_Your objective_
Please return the listing exactly as it stands, skipping any pictures.

_Record extracts_
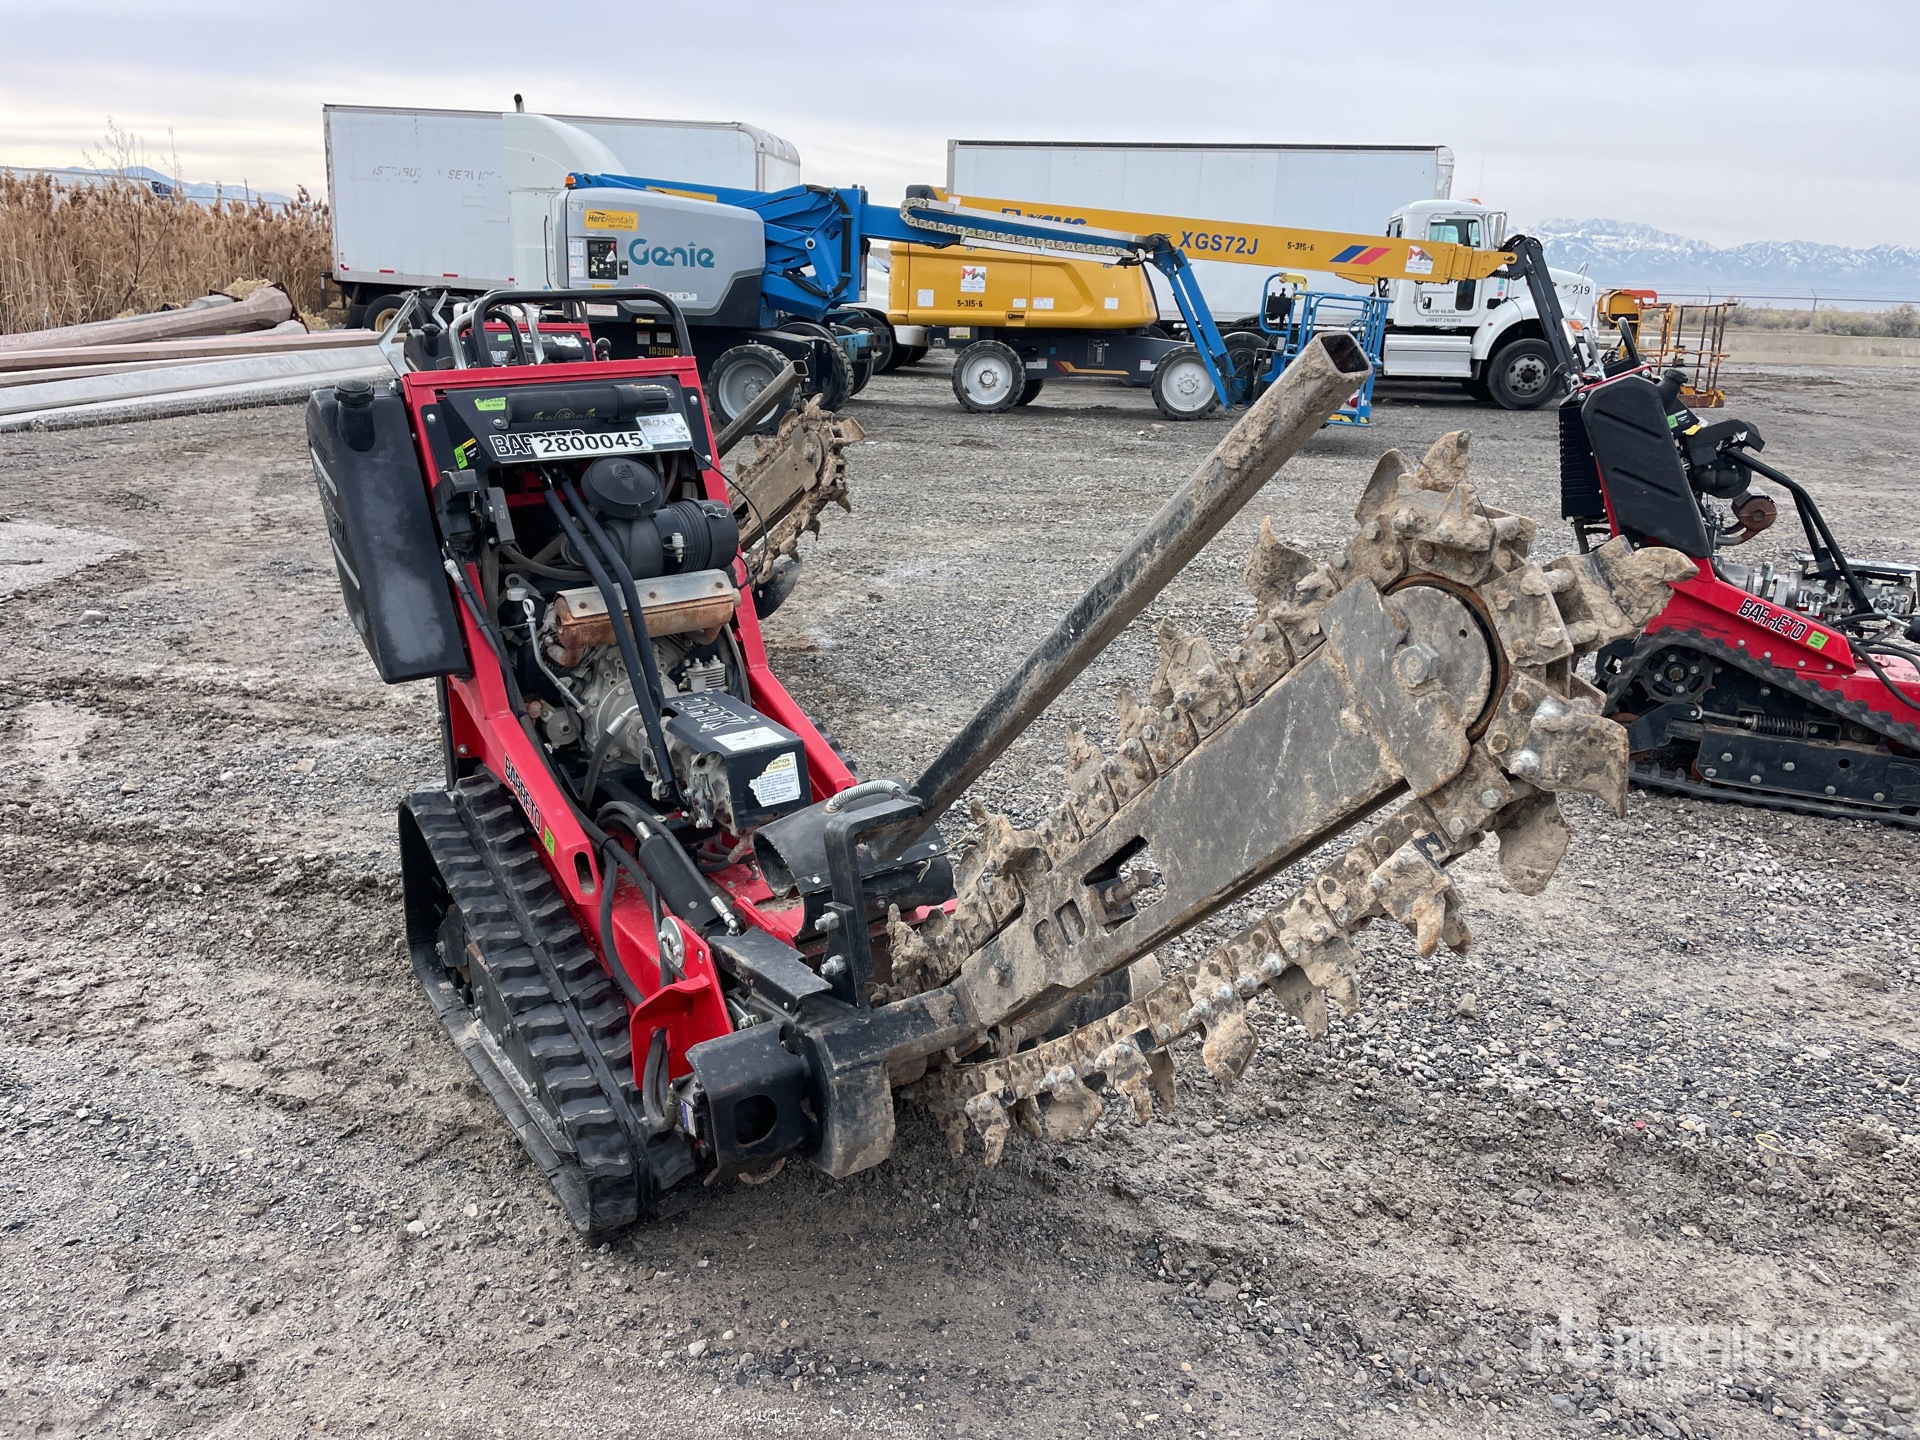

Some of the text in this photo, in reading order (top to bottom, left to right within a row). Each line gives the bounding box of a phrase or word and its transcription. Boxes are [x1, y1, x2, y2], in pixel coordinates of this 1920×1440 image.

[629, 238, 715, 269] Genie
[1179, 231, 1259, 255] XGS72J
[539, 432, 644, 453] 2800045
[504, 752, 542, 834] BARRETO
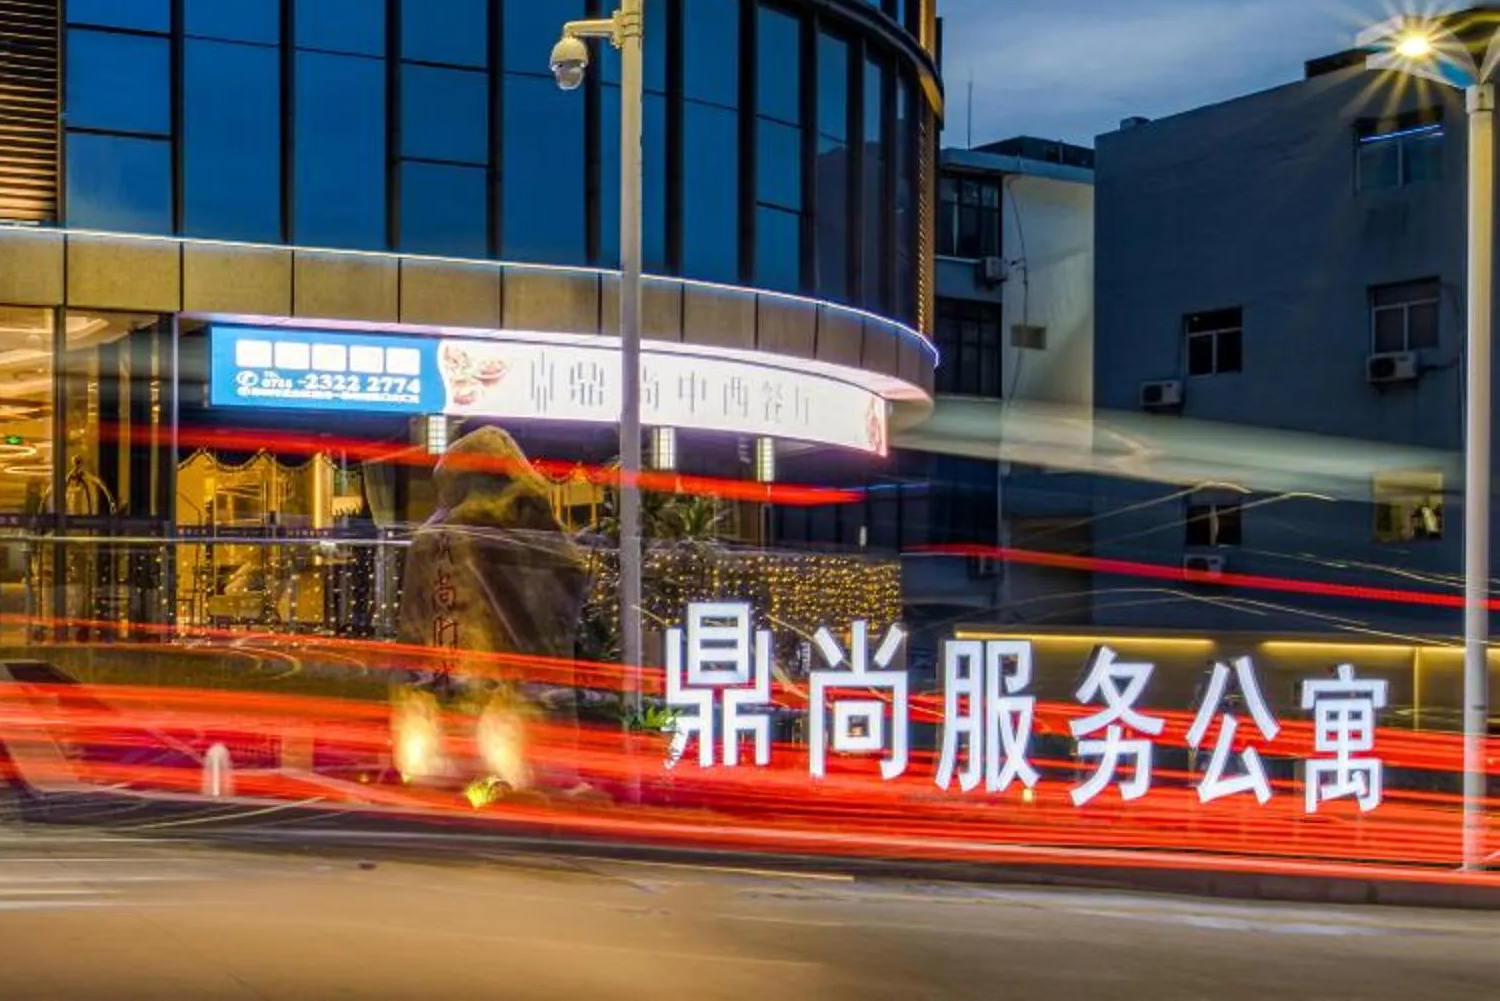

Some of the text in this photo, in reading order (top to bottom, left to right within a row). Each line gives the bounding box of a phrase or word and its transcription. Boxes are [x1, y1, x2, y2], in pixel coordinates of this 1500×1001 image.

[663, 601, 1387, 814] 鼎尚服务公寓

_Solution to the problem_
Some of the text in this photo, in reading order (top to bottom, left to right within a row). Each line gives the bounding box of a phrase or word and its transcription. Boxes are [x1, y1, x2, y2], in pixel coordinates of this 1920×1440 image.

[629, 238, 715, 269] Genie
[1179, 231, 1259, 255] XGS72J
[539, 432, 644, 453] 2800045
[504, 752, 542, 834] BARRETO

Some of the text in this photo, in reading order (top to bottom, left to right within a row). Each line gives the bounding box of a phrase or word and its transcription. Boxes are [x1, y1, x2, y2], in pixel coordinates of this 1500×1001 image.

[663, 601, 1387, 814] 鼎尚服务公寓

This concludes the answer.